▼

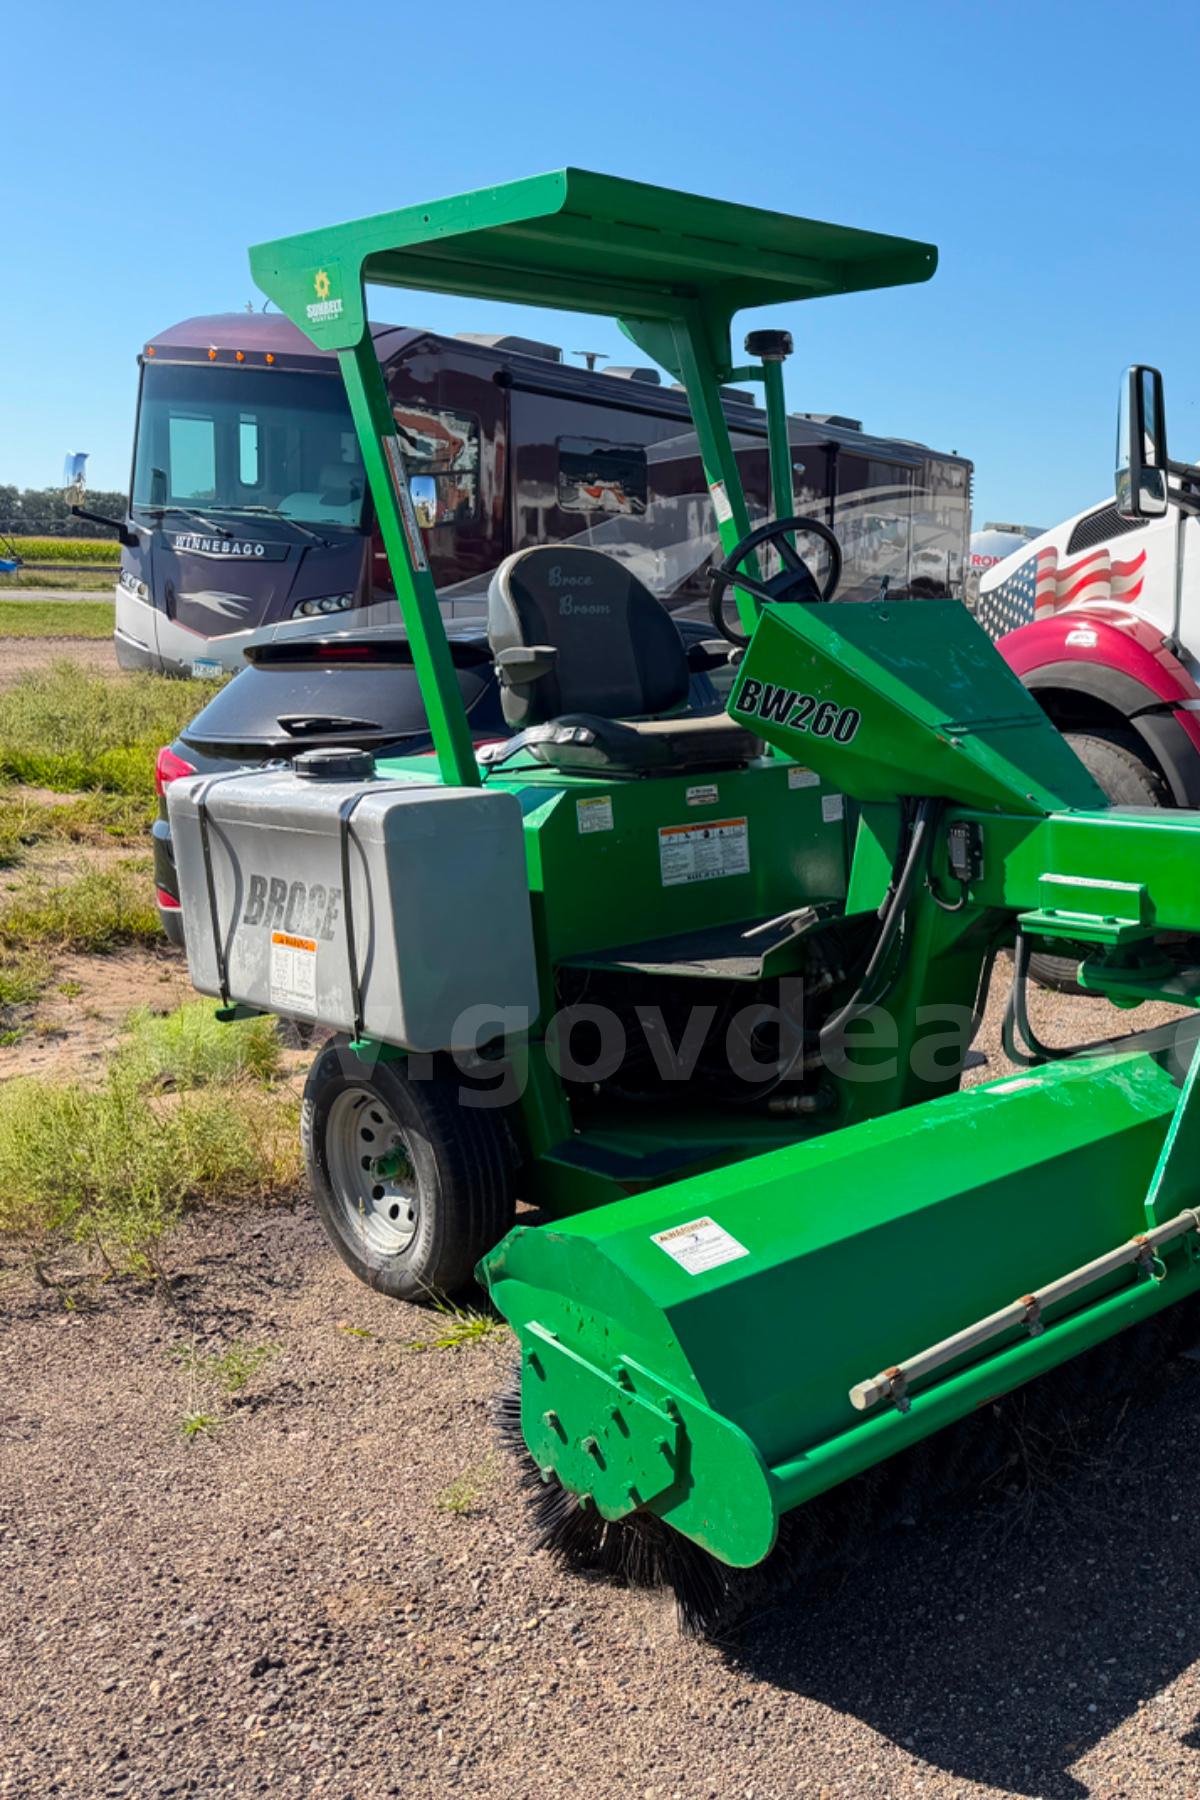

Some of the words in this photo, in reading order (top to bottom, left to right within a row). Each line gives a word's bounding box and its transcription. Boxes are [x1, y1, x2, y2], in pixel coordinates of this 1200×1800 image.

[175, 535, 265, 557] WINNEBAGO
[548, 566, 593, 588] Broce
[560, 594, 611, 616] Broom
[735, 677, 861, 744] BW260
[244, 873, 342, 942] BROCE

▲

WHAT IS REQUIRED. Leave out the pictures and repeat the remaining data exactly.

OUTPUT OF THE TASK.
Some of the words in this photo, in reading order (top to bottom, left to right within a row). Each line gives a word's bounding box and its transcription. Boxes are [x1, y1, x2, y2], in pixel coordinates of this 1200×1800 image.

[175, 535, 265, 557] WINNEBAGO
[548, 566, 593, 588] Broce
[560, 594, 611, 616] Broom
[735, 677, 861, 744] BW260
[244, 873, 342, 942] BROCE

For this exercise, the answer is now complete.